*** SUPPLIED MATERIAL Section Begins ***
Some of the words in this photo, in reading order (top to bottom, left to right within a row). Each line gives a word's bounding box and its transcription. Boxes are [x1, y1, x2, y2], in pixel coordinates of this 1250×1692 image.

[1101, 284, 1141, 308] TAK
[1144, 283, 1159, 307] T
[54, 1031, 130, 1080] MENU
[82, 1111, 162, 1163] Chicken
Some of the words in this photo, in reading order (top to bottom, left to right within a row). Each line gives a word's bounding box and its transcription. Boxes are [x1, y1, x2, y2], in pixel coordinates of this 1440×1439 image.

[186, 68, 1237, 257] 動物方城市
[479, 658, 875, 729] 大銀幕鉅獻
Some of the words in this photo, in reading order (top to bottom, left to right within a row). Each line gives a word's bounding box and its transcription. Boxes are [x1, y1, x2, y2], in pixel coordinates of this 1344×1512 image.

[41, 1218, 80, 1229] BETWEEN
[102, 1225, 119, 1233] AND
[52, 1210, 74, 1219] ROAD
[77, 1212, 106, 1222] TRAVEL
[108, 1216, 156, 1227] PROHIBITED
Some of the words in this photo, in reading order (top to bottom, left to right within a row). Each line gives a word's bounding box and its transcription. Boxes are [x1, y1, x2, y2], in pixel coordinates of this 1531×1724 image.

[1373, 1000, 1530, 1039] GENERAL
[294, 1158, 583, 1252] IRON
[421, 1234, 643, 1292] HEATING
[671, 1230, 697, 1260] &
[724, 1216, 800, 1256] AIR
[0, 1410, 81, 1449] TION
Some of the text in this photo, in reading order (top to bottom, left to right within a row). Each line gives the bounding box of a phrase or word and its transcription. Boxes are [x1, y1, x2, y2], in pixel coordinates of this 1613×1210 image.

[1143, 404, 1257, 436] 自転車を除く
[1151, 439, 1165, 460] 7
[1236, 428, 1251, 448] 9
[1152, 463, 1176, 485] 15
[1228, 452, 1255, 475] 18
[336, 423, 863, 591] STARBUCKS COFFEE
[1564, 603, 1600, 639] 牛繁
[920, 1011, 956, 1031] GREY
*** SUPPLIED MATERIAL Section Ends ***
WORK INSTRUCTIONS: Print the entire listing above once more, with nothing changed.

ANSWER BOX:
Some of the words in this photo, in reading order (top to bottom, left to right within a row). Each line gives a word's bounding box and its transcription. Boxes are [x1, y1, x2, y2], in pixel coordinates of this 1250×1692 image.

[1101, 284, 1141, 308] TAK
[1144, 283, 1159, 307] T
[54, 1031, 130, 1080] MENU
[82, 1111, 162, 1163] Chicken
Some of the words in this photo, in reading order (top to bottom, left to right within a row). Each line gives a word's bounding box and its transcription. Boxes are [x1, y1, x2, y2], in pixel coordinates of this 1440×1439 image.

[186, 68, 1237, 257] 動物方城市
[479, 658, 875, 729] 大銀幕鉅獻
Some of the words in this photo, in reading order (top to bottom, left to right within a row). Each line gives a word's bounding box and its transcription. Boxes are [x1, y1, x2, y2], in pixel coordinates of this 1344×1512 image.

[41, 1218, 80, 1229] BETWEEN
[102, 1225, 119, 1233] AND
[52, 1210, 74, 1219] ROAD
[77, 1212, 106, 1222] TRAVEL
[108, 1216, 156, 1227] PROHIBITED
Some of the words in this photo, in reading order (top to bottom, left to right within a row). Each line gives a word's bounding box and its transcription. Boxes are [x1, y1, x2, y2], in pixel coordinates of this 1531×1724 image.

[1373, 1000, 1530, 1039] GENERAL
[294, 1158, 583, 1252] IRON
[421, 1234, 643, 1292] HEATING
[671, 1230, 697, 1260] &
[724, 1216, 800, 1256] AIR
[0, 1410, 81, 1449] TION
Some of the text in this photo, in reading order (top to bottom, left to right within a row). Each line gives the bounding box of a phrase or word and its transcription. Boxes are [x1, y1, x2, y2], in pixel coordinates of this 1613×1210 image.

[1143, 404, 1257, 436] 自転車を除く
[1151, 439, 1165, 460] 7
[1236, 428, 1251, 448] 9
[1152, 463, 1176, 485] 15
[1228, 452, 1255, 475] 18
[336, 423, 863, 591] STARBUCKS COFFEE
[1564, 603, 1600, 639] 牛繁
[920, 1011, 956, 1031] GREY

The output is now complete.